By Alberto Conti, University of York
It was 1981, when doctors in the US started noticing strange patterns across their patients: in Los Angeles, some started contracting Pneumocystis carinii pneumonia; while in New York, cases of Kaposi’s sarcoma suddenly went on the rise. Oddly, in both instances, young and previously healthy individuals were being affected by diseases found exclusively among patients with weakened immune systems.
Reports like these ones became more common every month, and the number of people killed by these diseases started to increase at a worrying rate. It was soon clear that something was spreading across the population, and it was doing it fast. However, scientists were puzzled: they had never seen something like this, and had no way to prevent its spread – let alone treat it.
The scientific community quickly turned its interest towards this growing menace. Soon, researchers started to learn about the spread and development of the disease. Whatever it was, it seemed to severely weaken the host’s immune response. This feature lead to what became the official name of the disease: AIDS (acquired immune deficiency syndrome), first used in 1982. Scientists also noticed that most infections occurred within defined groups of the population, such as gay man, patients receiving blood transfusions (like haemophiliacs) and intravenous drug users.
Figure 1: Marchers on a Gay Pride parade through Manhattan, New York City, 1983.
These hints allowed Dr Françoise Barré-Sinoussi, Dr Luc Montagnier and colleagues at the Pasteur Institute, and Dr Robert Gallo’s lab at the National Cancer Institute, to independently discover a retrovirus in AIDS-derived blood in 1983. This is a type of virus comprising RNA (DNA’s more unstable cousin) as its genetic material, and after its link to AIDS was confirmed, it received the name we all know today: human immunodeficiency virus, or HIV.
The race for finding a suitable treatment was on – and it was desperately needed: an estimated 2.4 million people worldwide were living with HIV just by 1985, a trend that was clearly on the rise. The urgency of the epidemic led to scientist testing existing drugs in the hope of finding a suitable candidate – something that occurred in 1985 with azidothymidine (AZT, for short).
Figure 2: A) Dr Luc Montagnier (left) and Dr Françoise Barré-Sinoussi (right) after receiving the Nobel Prize for medicine in 2008. B) Electron microscopy of HIV budding an infected CD4 T-cell, a type of immune cell responsible of coordinating the immune system.
Surprisingly, AZT was a compound designed for fighting cancer, not viruses. Why would it be effective against HIV then? Well, both diseases have a common underlying objective: make DNA. Cancer requires cells to divide; while HIV needs to convert its RNA into DNA. This is an essential step in retrovirus life cycle, as it allows them to integrate their genetic material within the genes of our immune cells.
There is no need of extensive chemical knowledge to see the similarity between AZT and thymidine, one of the four letters in our DNA (Figure 3). In fact, they are so similar that not even the HIV reverse transcriptase (the machinery responsible for turning RNA into DNA) can distinguish them. This allows AZT to be introduced into a growing DNA chain, but prevents any DNA assembly after it.
Figure 3: Comparison between the chemical structures of thymidine and AZT.

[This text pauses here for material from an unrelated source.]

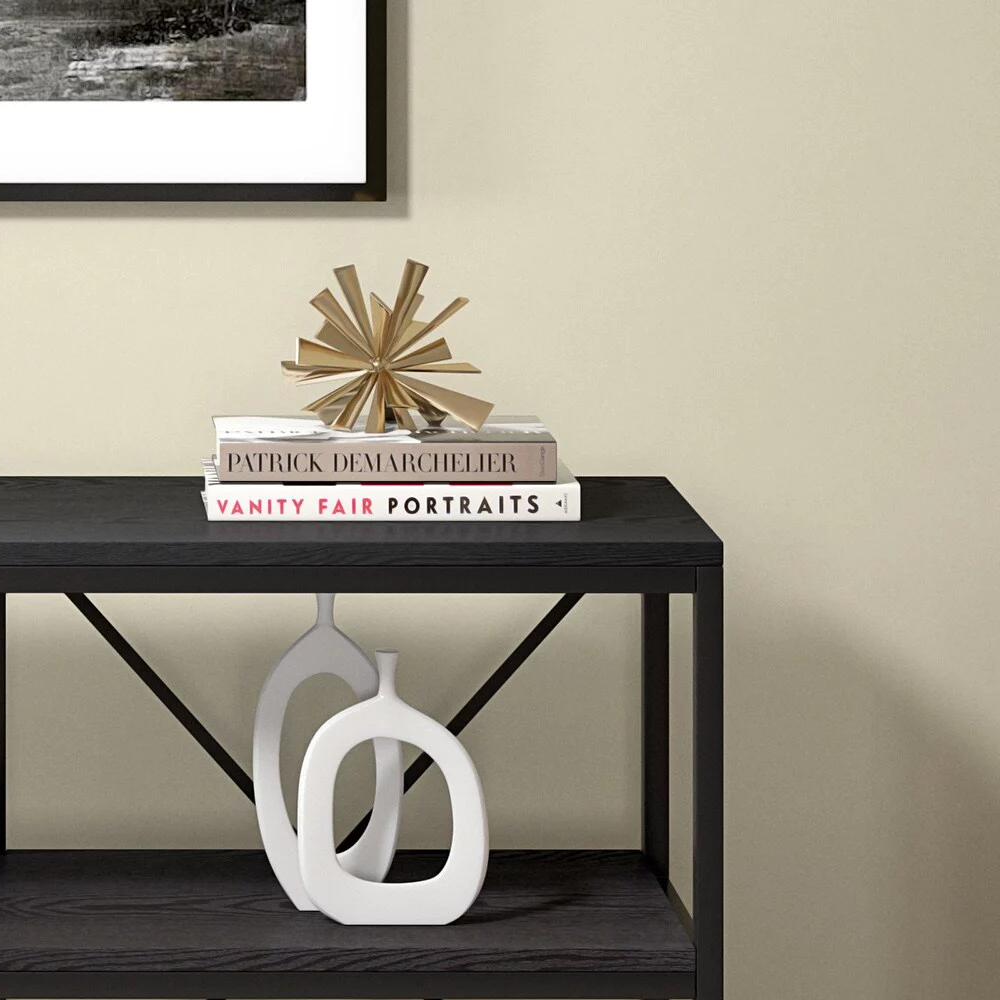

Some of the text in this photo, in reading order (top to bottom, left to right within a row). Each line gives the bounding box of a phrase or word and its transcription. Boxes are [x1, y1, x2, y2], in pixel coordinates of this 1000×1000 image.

This turned out to be a very efficient strategy – so efficient, in fact, that it only took 25 months for AZT to be released to the market (a process that generally takes over a decade!). However, despite its efficacy, HIV resistance quickly started to emerge. As the understanding of the disease increased, new drugs targeting different parts of the virus life cycle improved the treatment options, and in 1995, a highly active antiretroviral therapy (HAART), comprising a combination of drugs complementing AZT-like medication, was approved.
This certainly marked a turning point in the HIV epidemic, decreasing the number of new infections and HIV-related deaths, and making the disease more manageable. However, despite the advances made since the virus was first discovered, a definitive cure is yet to be discovered. It is fundamental to remember that many people still suffer from this disease, with 5,000 new infections occurring every day, and most of them in regions with limited access to treatment. For this reason, supporting the fight and research against HIV remains as vital as it was back in the 80’s.
I am a third-year undergraduate student at the University of York, currently in a placement year in GlaxoSmithKline. I work within the Immunoinflammation department, focusing on the role of dendritic cells in autoimmune diseases. When I’m not in the lab, I enjoy learning stuff like guitar or programming. I also play American Football, and frequently practise how to avoid getting tackled.